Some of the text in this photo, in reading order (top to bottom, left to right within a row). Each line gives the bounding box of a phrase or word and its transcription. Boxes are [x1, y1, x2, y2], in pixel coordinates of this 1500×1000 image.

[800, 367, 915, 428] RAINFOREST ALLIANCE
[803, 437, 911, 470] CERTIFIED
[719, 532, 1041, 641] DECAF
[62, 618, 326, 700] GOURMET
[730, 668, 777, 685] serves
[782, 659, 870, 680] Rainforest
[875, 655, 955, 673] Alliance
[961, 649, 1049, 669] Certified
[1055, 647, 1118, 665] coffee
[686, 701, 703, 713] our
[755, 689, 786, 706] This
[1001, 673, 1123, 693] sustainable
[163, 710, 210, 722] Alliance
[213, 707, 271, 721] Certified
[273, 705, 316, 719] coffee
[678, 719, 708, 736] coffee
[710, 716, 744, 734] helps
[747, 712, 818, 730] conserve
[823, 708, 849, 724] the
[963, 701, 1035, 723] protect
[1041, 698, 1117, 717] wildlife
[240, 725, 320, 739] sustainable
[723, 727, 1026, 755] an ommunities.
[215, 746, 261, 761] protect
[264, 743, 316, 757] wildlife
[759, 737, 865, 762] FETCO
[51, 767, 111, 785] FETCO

Prompt:
The answer is the full set of records, printed exactly as given.

Task answer:
Some of the text in this photo, in reading order (top to bottom, left to right within a row). Each line gives the bounding box of a phrase or word and its transcription. Boxes are [x1, y1, x2, y2], in pixel coordinates of this 1500×1000 image.

[800, 367, 915, 428] RAINFOREST ALLIANCE
[803, 437, 911, 470] CERTIFIED
[719, 532, 1041, 641] DECAF
[62, 618, 326, 700] GOURMET
[730, 668, 777, 685] serves
[782, 659, 870, 680] Rainforest
[875, 655, 955, 673] Alliance
[961, 649, 1049, 669] Certified
[1055, 647, 1118, 665] coffee
[686, 701, 703, 713] our
[755, 689, 786, 706] This
[1001, 673, 1123, 693] sustainable
[163, 710, 210, 722] Alliance
[213, 707, 271, 721] Certified
[273, 705, 316, 719] coffee
[678, 719, 708, 736] coffee
[710, 716, 744, 734] helps
[747, 712, 818, 730] conserve
[823, 708, 849, 724] the
[963, 701, 1035, 723] protect
[1041, 698, 1117, 717] wildlife
[240, 725, 320, 739] sustainable
[723, 727, 1026, 755] an ommunities.
[215, 746, 261, 761] protect
[264, 743, 316, 757] wildlife
[759, 737, 865, 762] FETCO
[51, 767, 111, 785] FETCO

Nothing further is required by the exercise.